Sentí mucho lo de su accidente, Guillam me lo hizo saber, y espero ya que se haya recuperado del todo.

Quizá recuerde que, en la agitación del momento, antes de su desgracia, me escribió una carta de dimisión, y quería simplemente hacerle saber que, desde luego, no la tomo en serio. A veces, cuando los acontecimientos nos abruman, disminuye nuestro sentido de la perspectiva. Pero unos veteranos como nosotros, George, no vamos a abandonar tan fácilmente el sendero de la guerra. Espero volver a verle con nosotros en cuanto se encuentre bastante fuerte, y mientras tanto, seguimos considerándole como un antiguo y leal miembro personal.

Smiley la dejó a un lado y pasó a la carta siguiente. Por un momento, no reconoció le letra: por un instante miró con aire inexpresivo el sello suizo y el elegante papel de cartas de un hotel. De repente se sintió ligeramente mareado, se le nublaron los ojos y apenas sintió fuerza en sus dedos para abrir el sobre. ¿Qué quería ella? Si era dinero, podía llevarse todo lo que él tenía. El dinero era suyo, de Smiley, y podía gastarlo como quisiera: si le causaba placer derrocharlo echándoselo encima a Ann, lo haría así. No le quedaba nada más que darle: ella se lo había llevado todo hacía mucho tiempo. Se llevó su valor, su cariño, su compasión, se lo llevó alegremente en su pequeño joyero, para acariciarlos alguna vez, algunas tardes, cuando el tiempo se detuviera pesadamente bajo el sol cubano, quizá para exhibirlos ante los ojos de su amante más reciente, comparándolos con joyas semejantes que le habían dado otros, antes o después.

Mi querido George:

Quiero hacerte un ofrecimiento que ningún caballero podría aceptar. Quiero volver a tu lado.

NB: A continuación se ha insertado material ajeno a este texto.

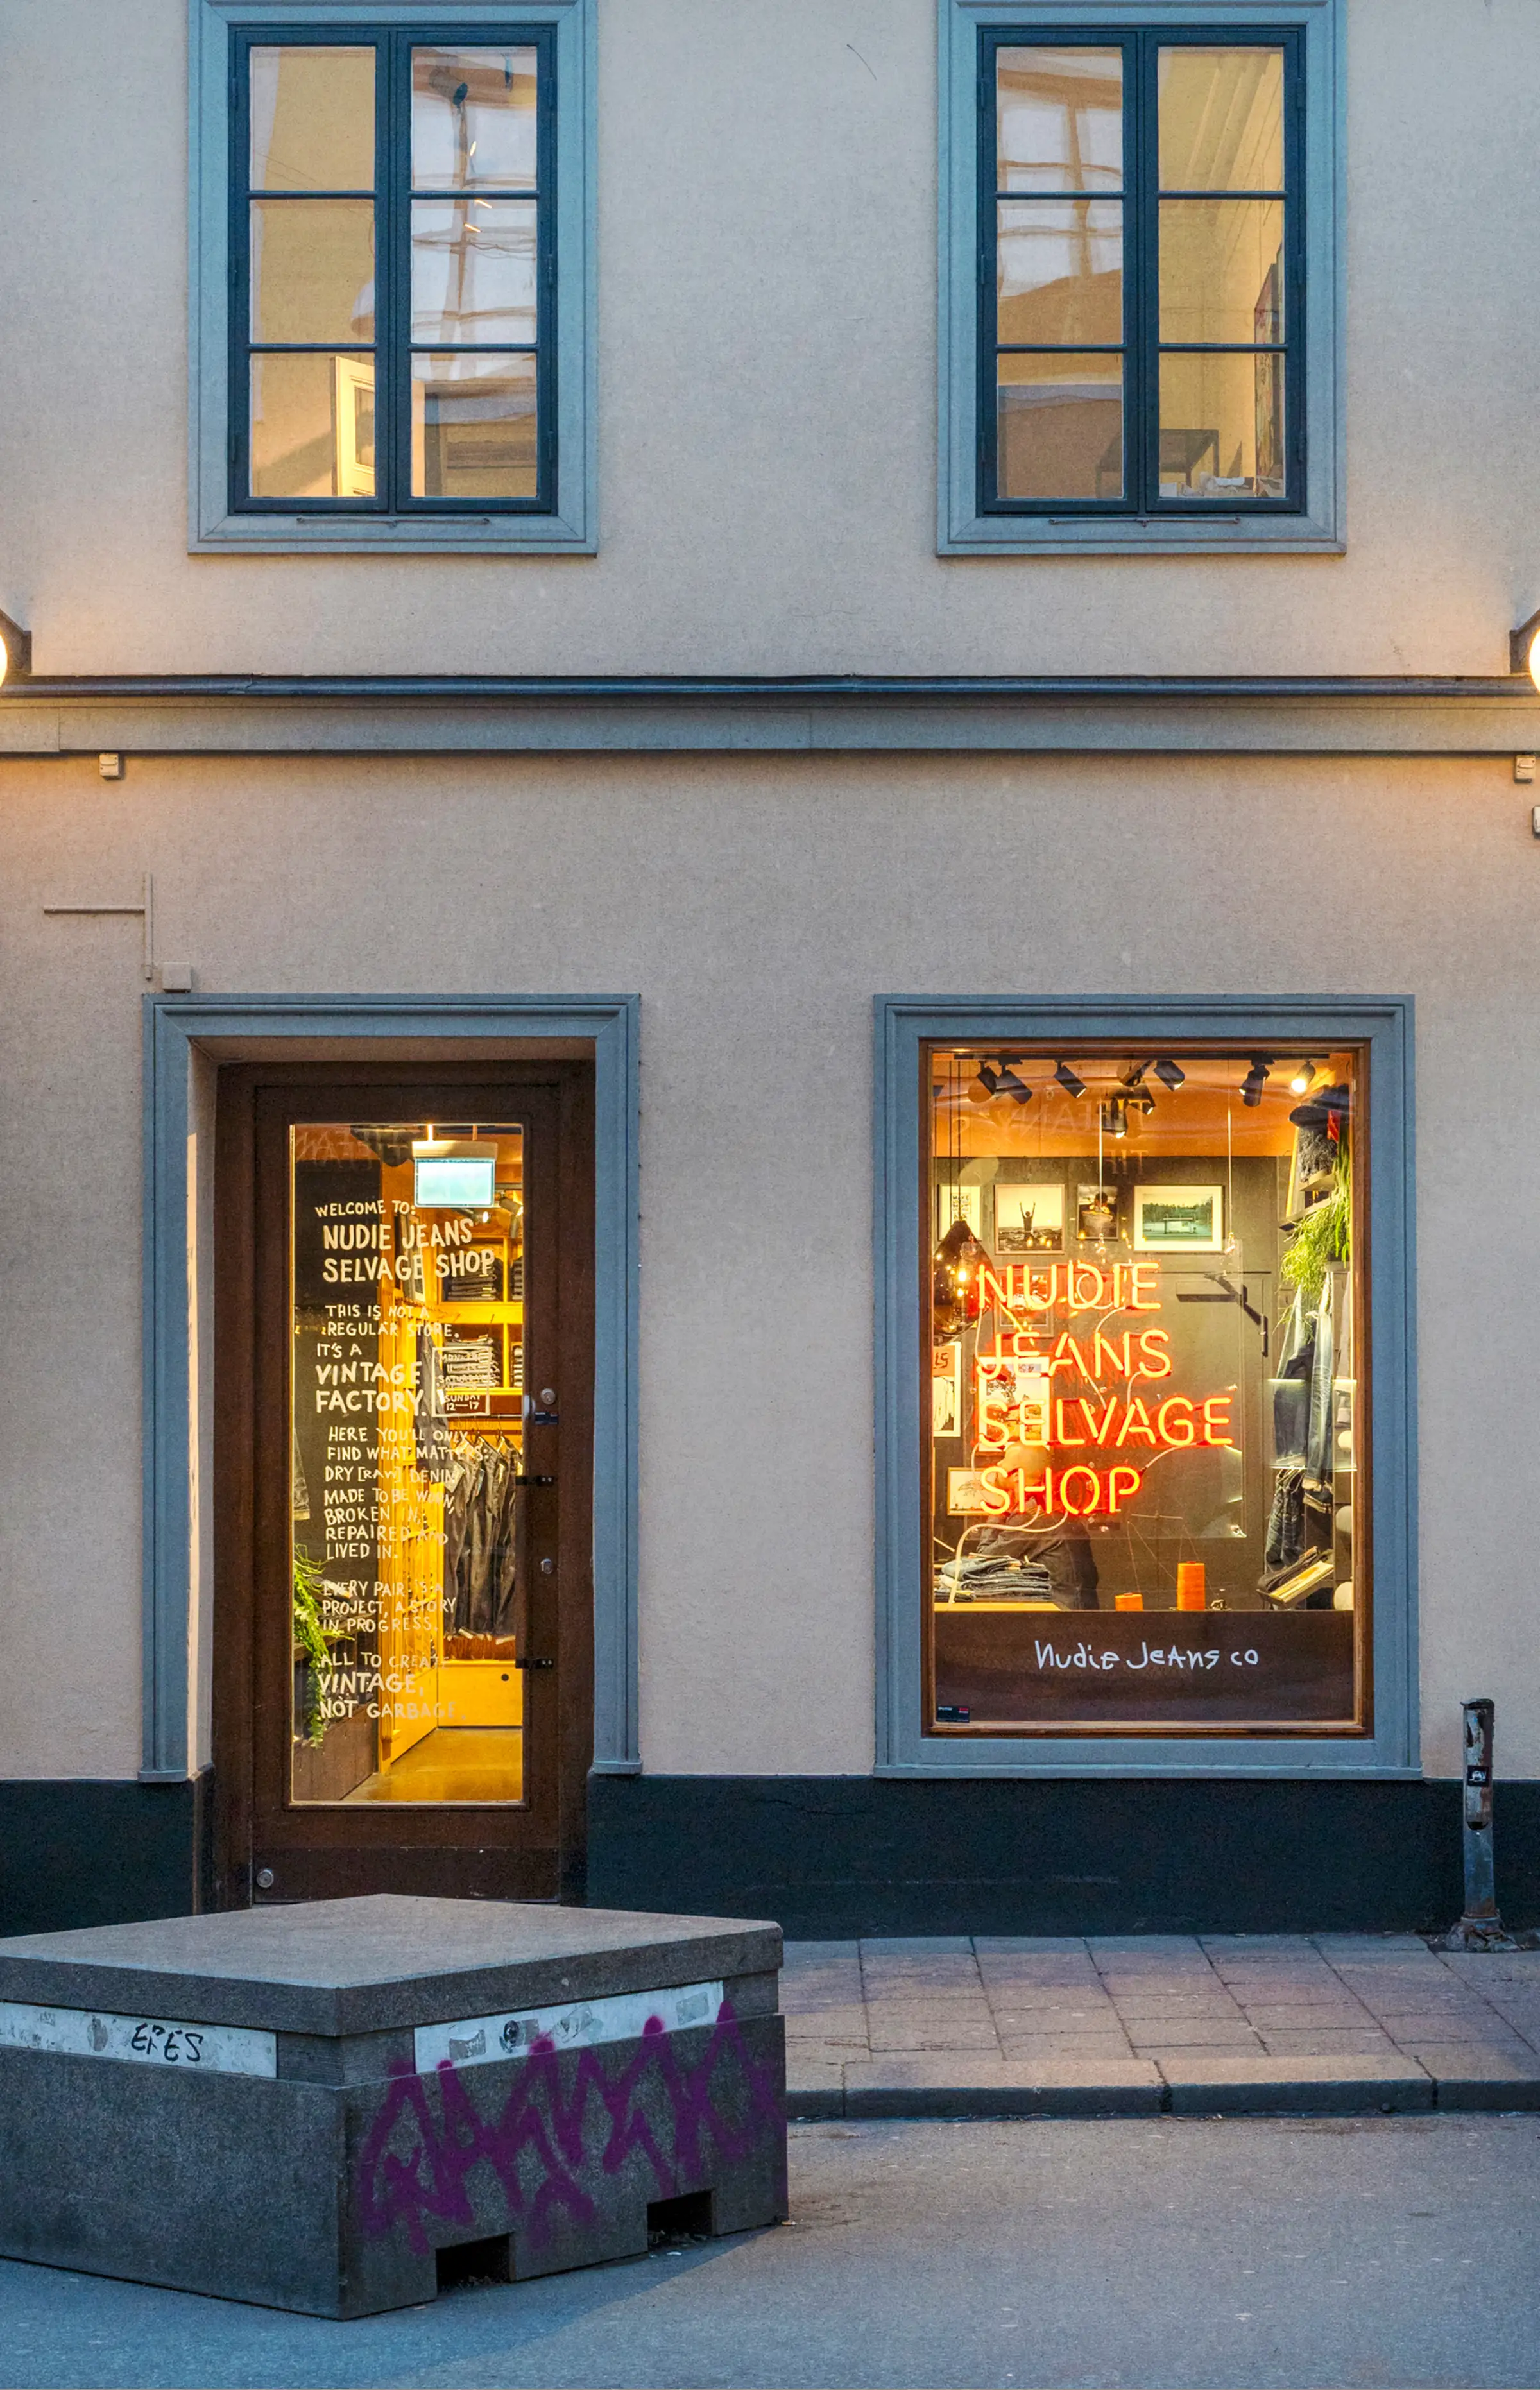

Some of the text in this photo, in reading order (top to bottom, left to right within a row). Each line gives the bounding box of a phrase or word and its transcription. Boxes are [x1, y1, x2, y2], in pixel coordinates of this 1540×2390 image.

Estaré en el Baur-au-Lac, en Zurich, hasta fin de mes. Dime algo.

Ann

Smiley cogió el sobre y lo miró por detrás: «Madame Juan Alvida.» No, ningún caballero podría aceptar el ofrecimiento. Ningún sueño podía sobrevivir a la luz del día de la marcha de Ann con su sacarinoso latino de sonrisa de piel de naranja. Una vez, en un documental, Smiley había visto a Alvida ganando una carrera en Montecarlo. Recordaba que, lo más repelente de él era el vello de sus brazos. Con las gafas, el aceite de motor y la ridícula corona de laurel, parecía exactamente un mono antropoide caído de un árbol. Llevaba una blanca camiseta de tenis de mangas cortas, que, no se sabe cómo, se había conservado impecablemente limpia a lo largo de la carrera, destacando con repulsiva claridad esos brazos negros de mono.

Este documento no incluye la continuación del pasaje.